Gentoo Websites Logo
Go to: Gentoo Home Documentation Forums Lists Bugs Planet Store Wiki Get Gentoo!

Bug 637540 (CVE-2017-17044)

Summary: <app-emulation/xen-4.8.2-r3: x86 infinite loop due to missing PoD error checking (XSA-246)
Product: Gentoo Security Reporter: Yury German <blueknight>
Component: VulnerabilitiesAssignee: Gentoo Security <security>
Severity: minor CC: dlan
Priority: Normal    
Version: unspecified   
Hardware: All   
OS: Linux   
Whiteboard: B3 [glsa+ cve]
Package list:
Runtime testing required: ---

Description Yury German Gentoo Infrastructure gentoo-dev 2017-11-15 02:40:05 UTC
Xen Security Advisory XSA-246

         x86: infinite loop due to missing PoD error checking

              *** EMBARGOED UNTIL 2017-11-28 12:00 UTC ***


Failure to recognize errors being returned from low level functions in
Populate on Demand (PoD) code may result in higher level code entering
an infinite loop.


A malicious HVM guest can cause one pcpu to permanently hang.  This
normally cascades into the whole system freezing, resulting in a a
host Denial of Service (DoS).


Xen versions from 3.4.x onwards are affected.
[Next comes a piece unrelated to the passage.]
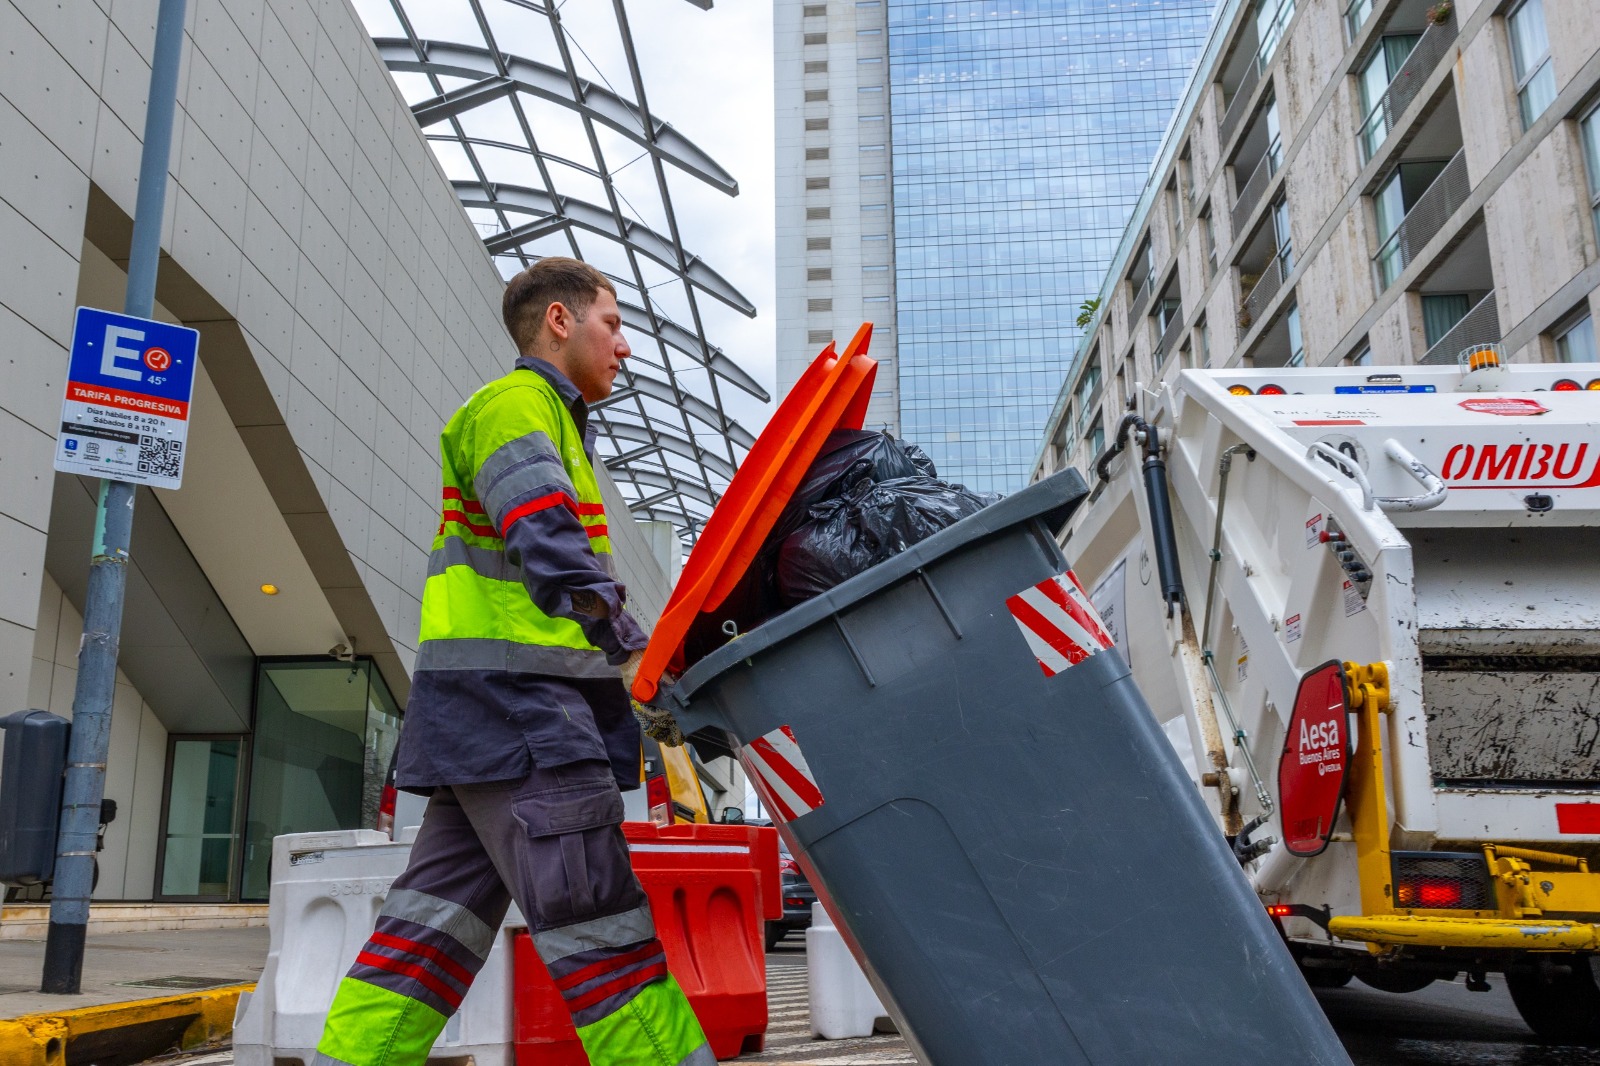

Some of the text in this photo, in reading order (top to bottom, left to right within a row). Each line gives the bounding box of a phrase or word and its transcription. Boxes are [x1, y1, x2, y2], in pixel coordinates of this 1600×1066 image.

Only x86 systems are vulnerable.  ARM is not vulnerable.

x86 PV VMs cannot leverage the vulnerability.

Only systems with 2MiB or 1GiB HAP pages enabled are vulnerable.

The vulnerability is largely restricted to HVM guests which have been
constructed in Populate-on-Demand mode (i.e. with memory < maxmem):

x86 HVM domains without PoD (i.e. started with memory == maxmem, or
without mentioning "maxmem" in the guest config file) also cannot
leverage the vulnerability, in recent enough Xen versions:
  4.8.x and later: all versions safe if PoD not configured
  4.7.x: 4.7.1 and later safe if PoD not configured
  4.6.x: 4.6.4 and later safe if PoD not configured
  4.5.x: 4.5.4 and later safe if PoD not configured
  4.4.x and earlier: all versions vulnerable even if PoD not configured

The commit required to prevent this vulnerability when PoD
not configured is 2a99aa99fc84a45f505f84802af56b006d14c52e
  xen/physmap: Do not permit a guest to populate PoD pages for itself
and the corresponding backports.


Running only PV guests will avoid this issue.

Running HVM guests only in non-PoD mode (maxmem == memory) will also
avoid this issue.  NOTE: In older releases of Xen, an HVM guest can
create PoD entries itself; so this mitigation will not be effective.

Specifying "hap_1gb=0 hap_2mb=0" on the hypervisor command line will
avoid the vulnerability.

Alternatively, running all x86 HVM guests in shadow mode will also
avoid this vulnerability.  (For example, by specifying "hap=0" in the
xl domain configuration file.)


This issue was discovered by Julien Grall of Linaro.


Applying the appropriate attached patch resolves this issue.

xsa246.patch           xen-unstable
xsa246-4.9.patch       Xen 4.9.x, Xen 4.8.x
xsa246-4.7.patch       Xen 4.7.x, Xen 4.6.x, Xen 4.5.x

$ sha256sum xsa246*
df08a3be419f2384b495dc52c3e6ebef1eb67d8b562afe85fb6fe6a723334472  xsa246.patch
b41550688e88a2a7a22349a07168f3a3ddf6fad8b3389fa27de44ae6731b6a8b  xsa246-4.7.patch
ea591542774c22db65dcb340120cebf58e759670b5a9fbde42ee93ed594650c8  xsa246-4.9.patch
Comment 1 Yury German Gentoo Infrastructure gentoo-dev 2017-11-15 02:43:01 UTC
xen - x86 not stable
xen-tools (x86) is stable - if Xen-tools is not affected please advise will change whiteboard to ~3
Comment 2 Aaron Bauman (RETIRED) gentoo-dev 2018-01-08 21:39:23 UTC
app-emulation/xen is not keyworded on x86.  app-emulation/xen{,-pvgrub,-tools} are not vulnerable.
Comment 3 Aaron Bauman (RETIRED) gentoo-dev 2018-01-09 00:30:17 UTC
Re-opening as this does impact amd64 hosts running x86 HVM guests with improper configurations.

@maintainer, can you let us know if POD is properly configured per the XSA by default in Gentoo?
Comment 4 Thomas Deutschmann (RETIRED) gentoo-dev 2018-01-14 16:35:17 UTC
Added to an existing GLSA.
Comment 5 GLSAMaker/CVETool Bot gentoo-dev 2018-01-14 23:50:55 UTC
This issue was resolved and addressed in
 GLSA 201801-14 at
by GLSA coordinator Thomas Deutschmann (whissi).